[PATCH] D45532: [StaticAnalyzer] Checker to find uninitialized fields after a constructor call

Umann Kristóf via Phabricator via cfe-commits cfe-commits at lists.llvm.org
Wed May 2 08:37:18 PDT 2018


Szelethus added a comment.

Thanks @NoQ  for taking the time to review my code!

I'm sorry that the patch became this long. It was an error on my part, and I completely get that the checker now takes an uncomfortably long time to read and understand. This is my first "bigger" project in the CSA, I learned a lot so far, and I'll definitely review how I should've handled developing and uploading it here better, so next time I will do my best to make my contributions a lot more reviewer-friendly.

> It's very unlikely that you have a single idea that takes 500 non-trivial lines of code to express.

That's true. Since this was the first time I wrote anything the StaticAnalyzer project, I often found myself almost completely rewriting everything. Looking back, I still could've uploaded the code in parts, so notes taken, will do better next time!
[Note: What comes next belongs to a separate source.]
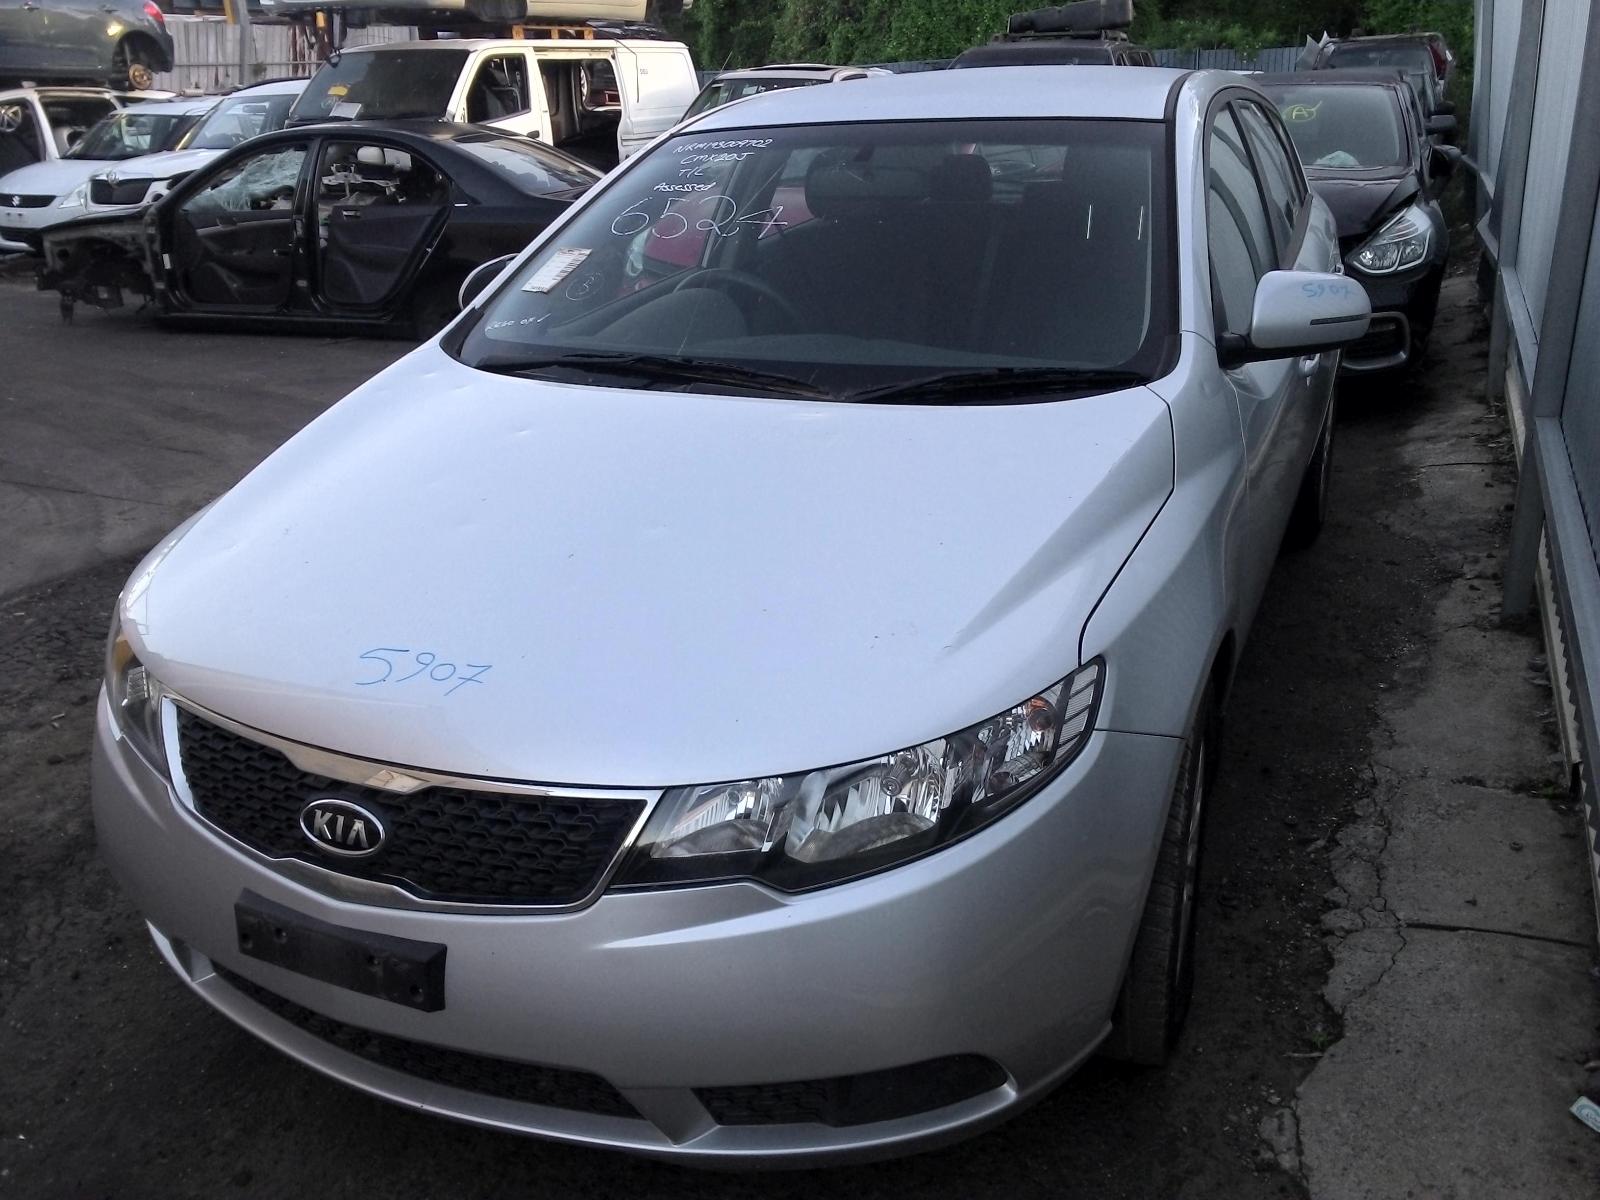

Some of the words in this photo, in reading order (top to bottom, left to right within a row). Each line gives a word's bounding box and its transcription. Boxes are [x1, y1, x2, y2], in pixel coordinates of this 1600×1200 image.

It'll be some time before I sort everything out you commented on, just wanted to leave this here.



================
Comment at: lib/StaticAnalyzer/Checkers/UninitializedObjectChecker.cpp:258-260
+    Report->addNote(NoteBuf,
+                    PathDiagnosticLocation::create(FieldChain.getEndOfChain(),
+                                                   Context.getSourceManager()));
----------------
NoQ wrote:
> Aha, ok, got it, so you're putting the warning at the end of the constructor and squeezing all uninitialized fields into a single warning by presenting them as notes.
> 
> Because for now notes aren't supported everywhere (and aren't always supported really well), i guess it'd be necessary to at least provide an option to make note-less reports before the checker is enabled by default everywhere. In this case notes contain critical pieces of information and as such cannot be really discarded.
> 
> I'm not sure that notes are providing a better user experience here than simply saying that "field x.y->z is never initialized". With notes, the user will have to scroll around (at least in scan-build) to find which field is uninitialized.
> 
> Notes will probably also not decrease the number of reports too much because in most cases there will be just one uninitialized field. Though i agree that when there is more than one report, the user will be likely to deal with all fields at once rather than separately.
> 
> So it's a bit wonky.
> 
> We might want to enable one mode or another in the checker depending on the analyzer output flag. Probably in the driver (`RenderAnalyzerOptions()`).
> 
> It'd be a good idea to land the checker into alpha first and fix this in a follow-up patch because this review is already overweight.
> [...]i guess it'd be necessary to at least provide an option to make note-less reports before the checker is enabled by default everywhere. In this case notes contain critical pieces of information and as such cannot be really discarded.
This can already be achieved with `-analyzer-config notes-as-events=true`. There no good reason however not to make an additional flag that would emit warnings instead of notes.
> I'm not sure that notes are providing a better user experience here than simply saying that "field x.y->z is never initialized". With notes, the user will have to scroll around (at least in scan-build) to find which field is uninitialized.
This checker had a previous implementation that emitted a warning for each uninitialized field, instead of squeezing them in a single warning per constructor call. One of the major reasons behind rewriting it was that it emitted so many of them that it was difficult to differentiate which warning belonged to which constructor call. Also, in the case of the LLVM/Clang project, the warnings from this checker alone would be in the thousands.
> Notes will probably also not decrease the number of reports too much because in most cases there will be just one uninitialized field.
While this is true to some extent, it's not uncommon that a single constructor call leaves 7 uninitialized -- in the LLVM/Clang project I found one that had over 30!
Since its practically impossible to determine whether this was a performance enhancement or just poor programming, the few cases where it is intentional, an object would emit many more warnings would make  make majority of the findings (where an object truly had only 1 or 2 fields uninit) a lot harder to spot in my opinion.

In general, I think one warning per constructor call makes the best user experience, but a temporary solution should be implemented until there's better support for notes.

I agree, this should be a topic of a follow-up patch.



================
Comment at: test/Analysis/cxx-uninitialized-object.cpp:1412
+  struct RecordType;
+  // no-crash
+  RecordType *recptr; // expected-note{{uninitialized pointer 'this->recptr}}
----------------
whisperity wrote:
> What is this comment symbolising? Is this actually something the test infrastructure picks up?
`// no-crash` is something I found in many other test files, in this case it symbolizes that the point of this test isn't to check whether the checker correctly finds or ignores an uninit field, but that it doesn't crash.